President Joe Biden has today detailed the allocation of $42 billion intended for the improvement of broadband internet access across the United States. This fund, which has been made available via the 2021 Bipartisan Infrastructure Law, targets complete access to high-speed internet for every American citizen by the end of the decade.

Texas has been allocated the lion’s share of the funding, receiving $3.3 billion. Meanwhile, eighteen additional states, including Alabama, California, Georgia, Louisiana, Michigan, Missouri, North Carolina, Virginia, and Washington, will be granted over $1 billion each. The minimum grant any state will receive is $107 million. The plan also considers several U.S. territories, assigning $27 million for the U.S. Virgin Islands and a significant $334 million for Puerto Rico.

A White House statement reads, “With these allocations and other investments from the Biden administration, every state, including DC and the territories, now possesses the resources necessary to ensure reliable, affordable high-speed internet access for every resident and small business by 2030.”

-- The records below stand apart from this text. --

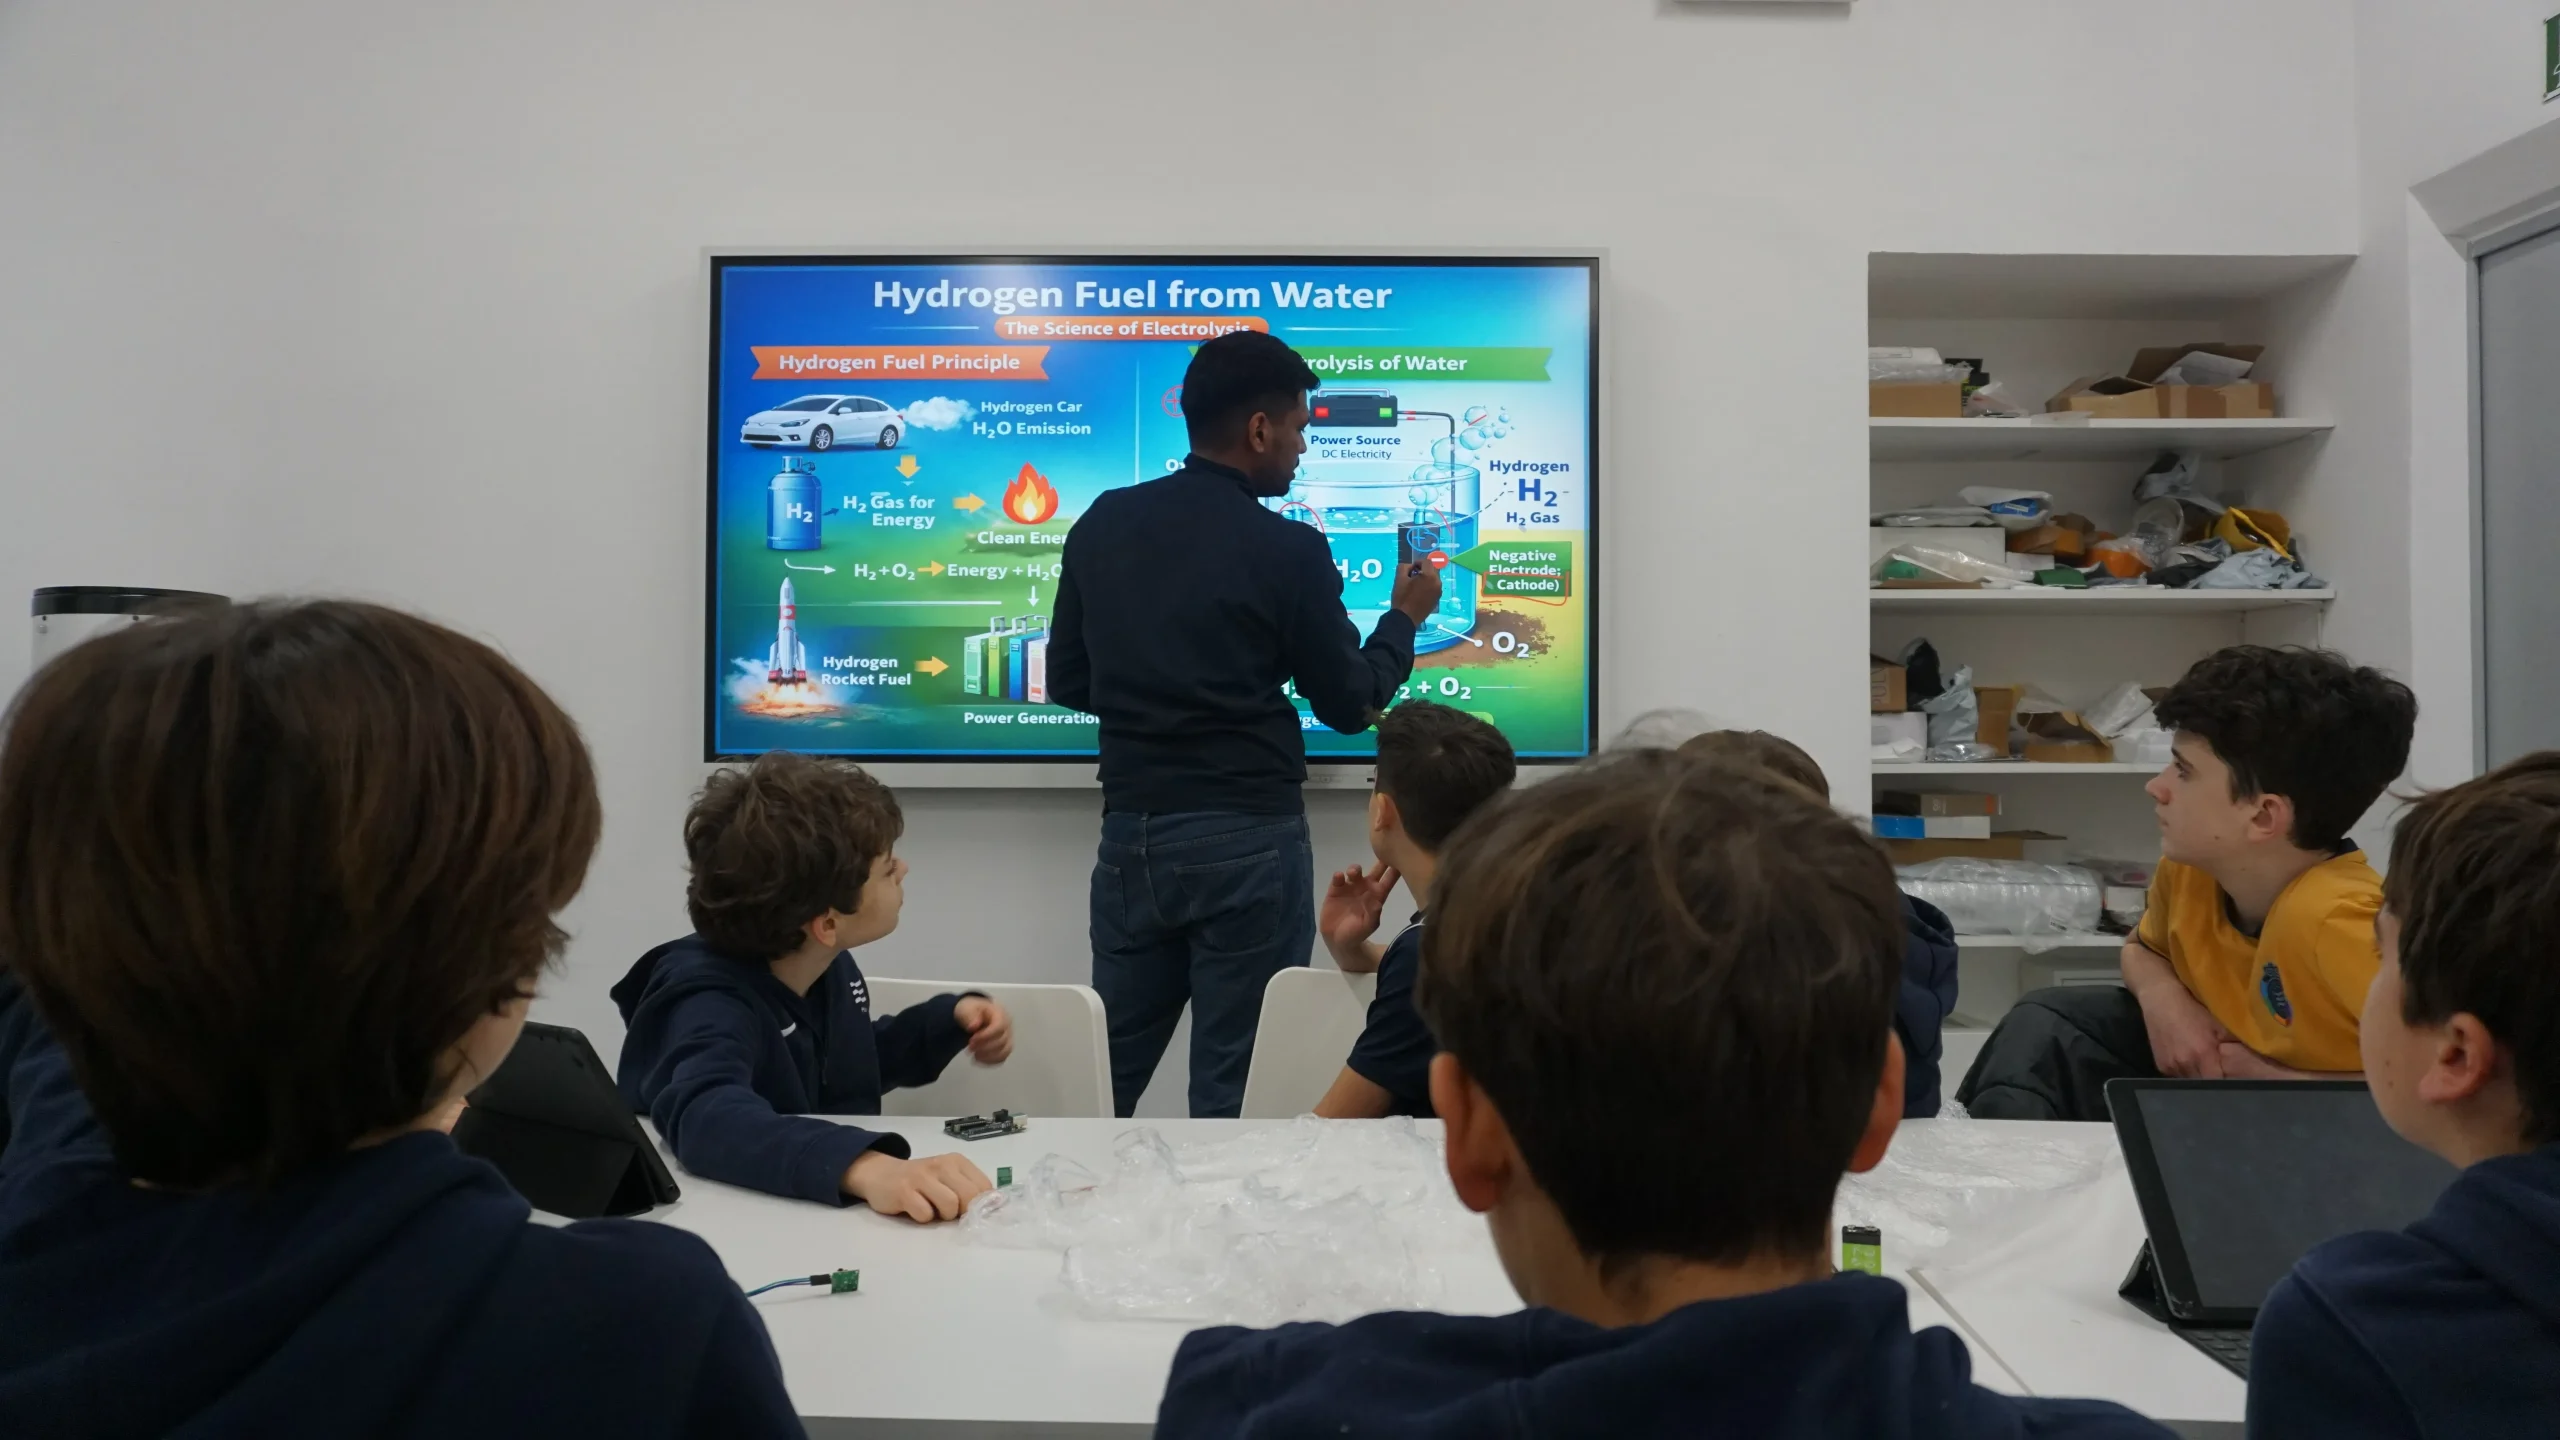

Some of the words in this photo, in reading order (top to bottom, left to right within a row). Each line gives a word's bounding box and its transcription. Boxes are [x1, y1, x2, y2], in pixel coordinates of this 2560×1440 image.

[873, 279, 1063, 315] Hydrogen
[1075, 279, 1155, 309] Fuel
[1167, 279, 1261, 309] from
[1271, 281, 1392, 310] Water
[1004, 321, 1039, 336] The
[1044, 320, 1114, 336] Science
[1118, 320, 1139, 336] of
[1142, 321, 1250, 338] Electrolysis
[778, 353, 877, 375] Hydrogen
[882, 353, 926, 371] Fuel
[932, 353, 1020, 375] Principle
[1302, 354, 1374, 374] rolysis
[1379, 353, 1401, 372] of
[1405, 356, 1468, 372] Water
[980, 400, 1052, 416] Hydrogen
[1057, 401, 1083, 413] Car
[1016, 422, 1091, 436] Emission
[1310, 434, 1352, 446] Power
[1356, 433, 1401, 446] Source
[1321, 448, 1337, 460] DC
[1341, 447, 1392, 462] Electricity
[1489, 459, 1570, 475] Hydrogen
[870, 495, 905, 509] Gas
[909, 494, 936, 509] for
[872, 513, 936, 530] Energy
[1530, 511, 1561, 524] Gas
[977, 531, 1025, 545] Clean
[1029, 531, 1067, 545] Ener
[1488, 550, 1557, 564] Negative
[947, 563, 1008, 581] Energy
[1496, 579, 1560, 592] Cathode)
[823, 656, 898, 671] Hydrogen
[821, 672, 875, 687] Rocket
[880, 672, 912, 687] Fuel
[964, 712, 1014, 725] Power
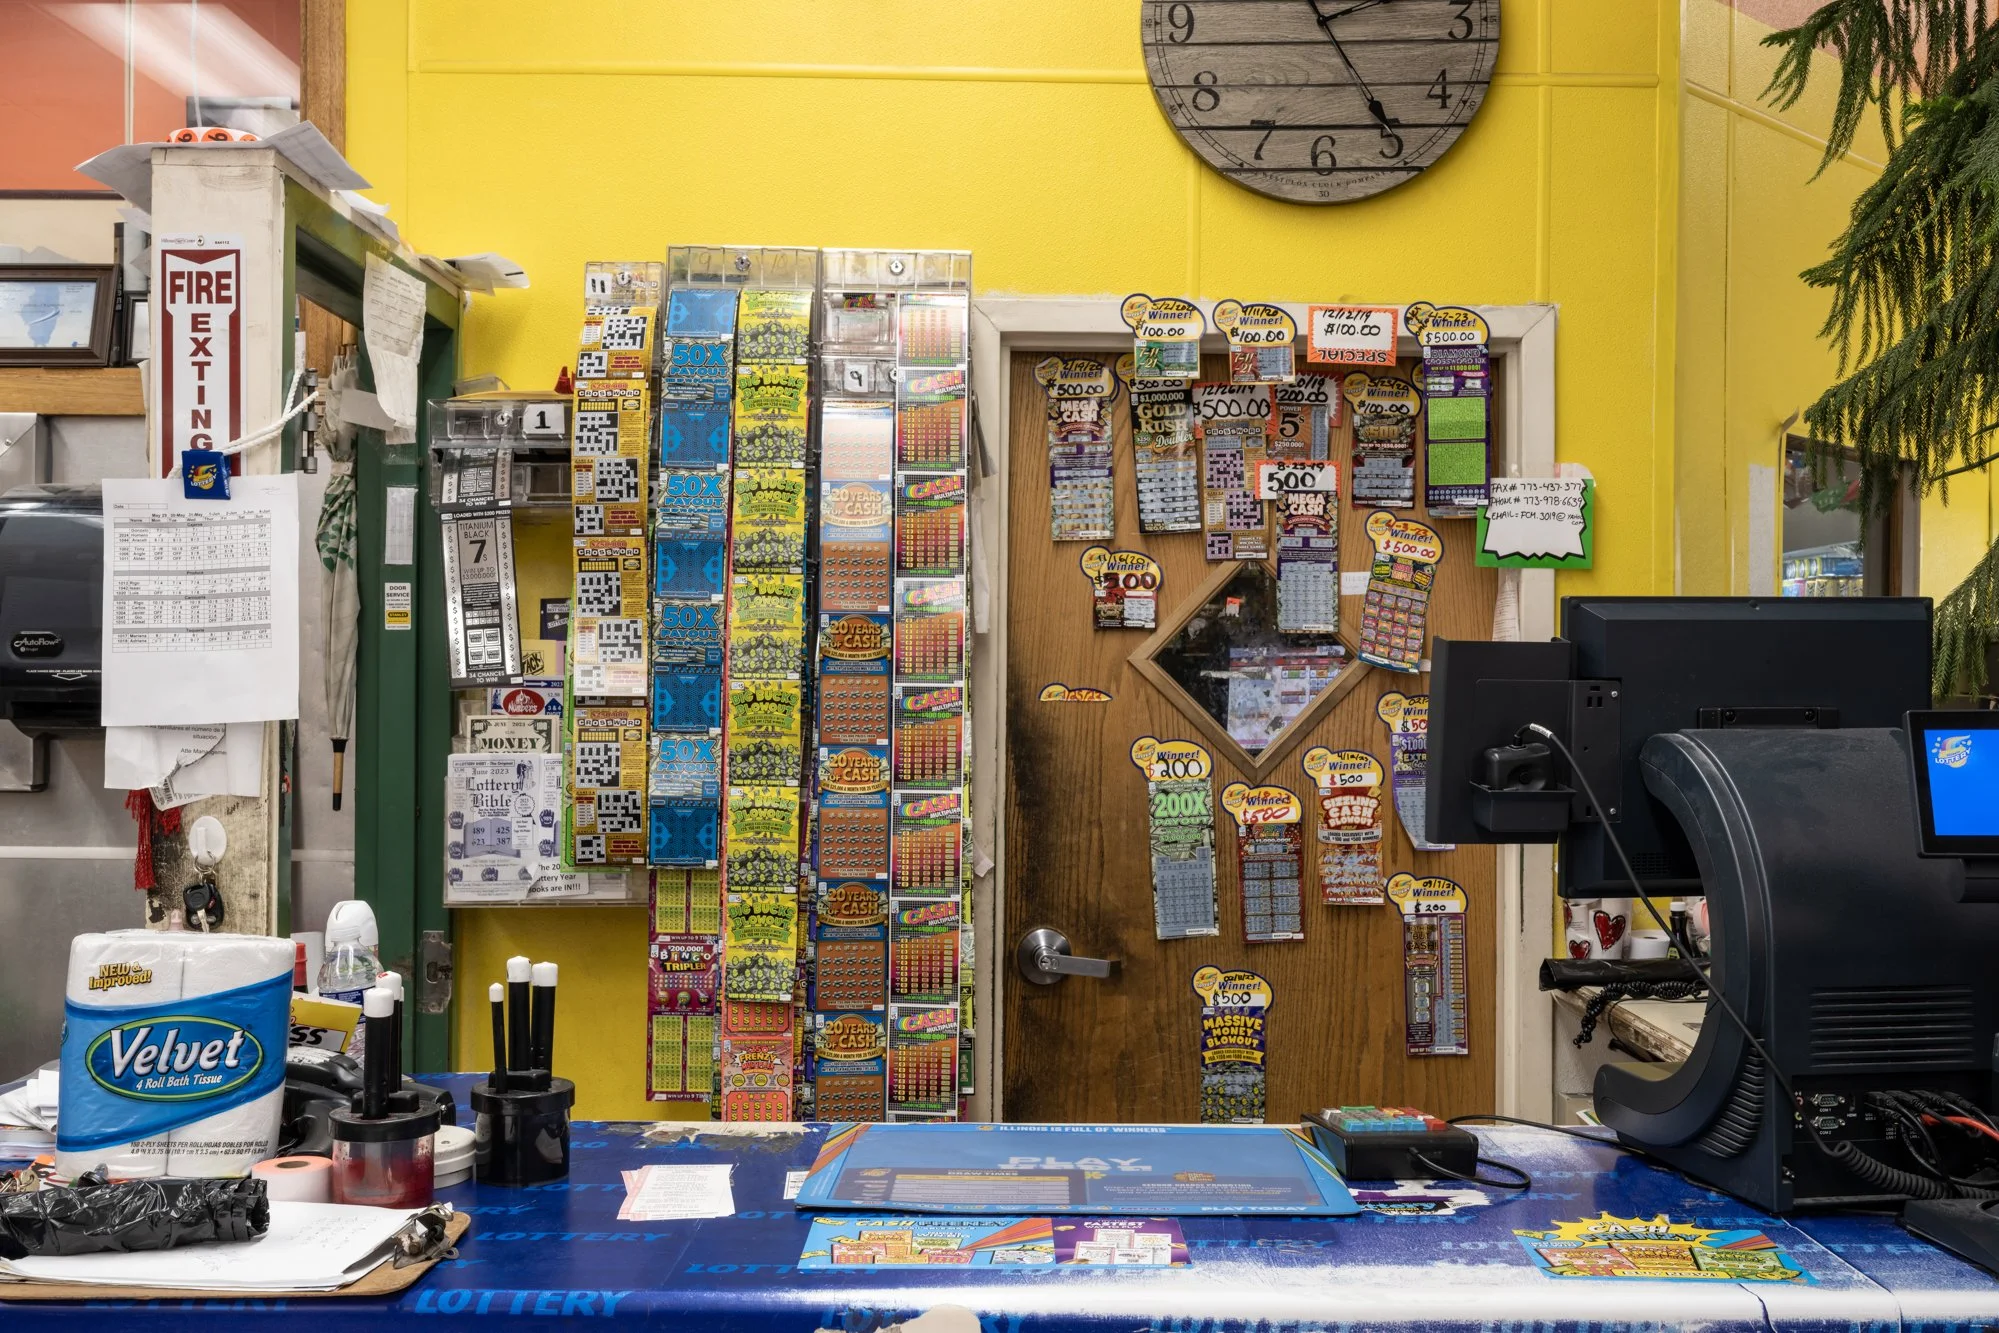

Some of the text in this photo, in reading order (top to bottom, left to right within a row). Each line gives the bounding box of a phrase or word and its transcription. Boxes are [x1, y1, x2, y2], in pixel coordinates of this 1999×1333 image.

[1168, 3, 1194, 43] 9
[1447, 1, 1474, 40] 3
[1192, 71, 1220, 112] 8
[1426, 69, 1452, 109] 4
[1250, 120, 1276, 160] 7
[1311, 135, 1336, 176] 6
[169, 271, 232, 304] FIRE
[1148, 310, 1193, 320] Winner!
[1239, 316, 1284, 326] Winner!
[1431, 317, 1477, 328] Winner!
[1425, 331, 1475, 344] $500.00
[1317, 349, 1387, 363] SPECIAL
[1431, 350, 1481, 358] DIAMOND
[1060, 370, 1103, 380] Winner!
[578, 389, 641, 397] CROSSWORD
[1140, 392, 1184, 402] $1,000,000
[1367, 387, 1409, 398] Winner!
[1060, 400, 1099, 412] MEGA
[1138, 403, 1187, 419] GOLD
[534, 411, 551, 429] 1
[1062, 411, 1098, 423] CASH
[1138, 419, 1188, 432] RUSH
[1206, 427, 1262, 435] CROSSWORD
[1155, 431, 1194, 448] Doubler
[1267, 472, 1316, 492] 500
[665, 497, 725, 507] PAYOUT
[1287, 493, 1326, 505] MEGA
[1289, 504, 1324, 516] CASH
[464, 530, 490, 538] BLACK
[1390, 528, 1434, 543] Winner!
[577, 548, 640, 556] CROSSWORD
[1107, 561, 1150, 571] Winner!
[662, 605, 720, 629] 50X
[661, 629, 720, 639] PAYOUT
[732, 689, 798, 705] BIG BUCKS
[736, 702, 793, 715] BLOWOUT
[481, 737, 540, 749] MONEY
[659, 739, 717, 763] 50X
[1156, 750, 1200, 760] Winner!
[1935, 748, 1971, 765] LOTTERY
[849, 757, 880, 769] YEARS
[1328, 760, 1372, 770] Winner!
[830, 774, 841, 782] OF
[465, 777, 521, 793] Lottery
[470, 793, 512, 808] Bible
[1153, 790, 1210, 817] 200X
[1322, 794, 1380, 810] SIZZLING
[1328, 806, 1375, 818] CASH
[1153, 818, 1210, 826] PAYOUT
[1328, 816, 1374, 828] BLOWOUT
[495, 837, 511, 845] 387
[564, 883, 581, 891] IN!!!
[1412, 888, 1455, 897] Winner!
[828, 888, 845, 902] 20
[728, 902, 796, 918] BIG BUCKS
[841, 902, 878, 915] CASH
[906, 902, 957, 925] CASH
[732, 915, 791, 927] BLOWOUT
[1406, 942, 1438, 951] CASH!
[660, 950, 711, 961] BINGO
[99, 961, 142, 977] NEW &
[664, 962, 706, 971] TRIPLER
[89, 970, 152, 991] Improved!
[1217, 981, 1262, 991] Winner!
[1212, 988, 1252, 1006] $500
[905, 1009, 955, 1031] CASH
[1203, 1014, 1263, 1031] MASSIVE
[825, 1021, 876, 1035] 20 YEARS
[1212, 1027, 1254, 1037] MONEY
[826, 1035, 876, 1049] OF CASH
[1205, 1036, 1259, 1048] BLOWOUT
[110, 1027, 246, 1078] Velvet
[740, 1052, 776, 1062] FRENZY
[136, 1074, 222, 1090] 4 Roll Bath Tissue
[1586, 1224, 1670, 1234] CASH
[477, 1232, 671, 1242] LOTTERY
[1577, 1233, 1702, 1242] FRENZY
[415, 1289, 632, 1317] LOTTERY

Last year, the White House rolled out an initiative under the Broadband Equity, Access, and Deployment (BEAD) Program, promising at least $100 million for each state. However, the remainder of the funding remained pending until the Federal Communications Commission (FCC) compiled a detailed map to identify which residences and businesses were bereft of high-speed internet. Funding distribution will follow this map.

Despite unveiling a first draft of the map in November, incorporating intricate data, both Democratic and Republican politicians voiced concerns that it excluded millions of residences and businesses. The politicians urged the White House to hold off the broadband initiative until these issues were addressed.

After considering public and state feedback, the FCC revealed an updated version in May. As reported by The Washington Post, this new map rectified around 4 million errors, thus identifying approximately half a million additional homes, businesses, and other locations lacking any internet access. In total, the FCC discovered that over 8.3 million homes and businesses are without high-speed internet.

The initial focus of the states will be to provide broadband to areas with zero access. Any remaining funds can then be utilized to enhance internet access for areas with sluggish speeds.

The distribution of all the funds might span up to two years. States, Washington DC, and other territories are required to submit their initial grant program proposals by the end of the current year. Once approved by the Department of Commerce’s National Telecommunications and Information Administration, states will be eligible to request at least 20 percent of their allocation. However, access to the full allocation may not be granted until the plans are finalized, possibly by 2025, as reported by Reuters.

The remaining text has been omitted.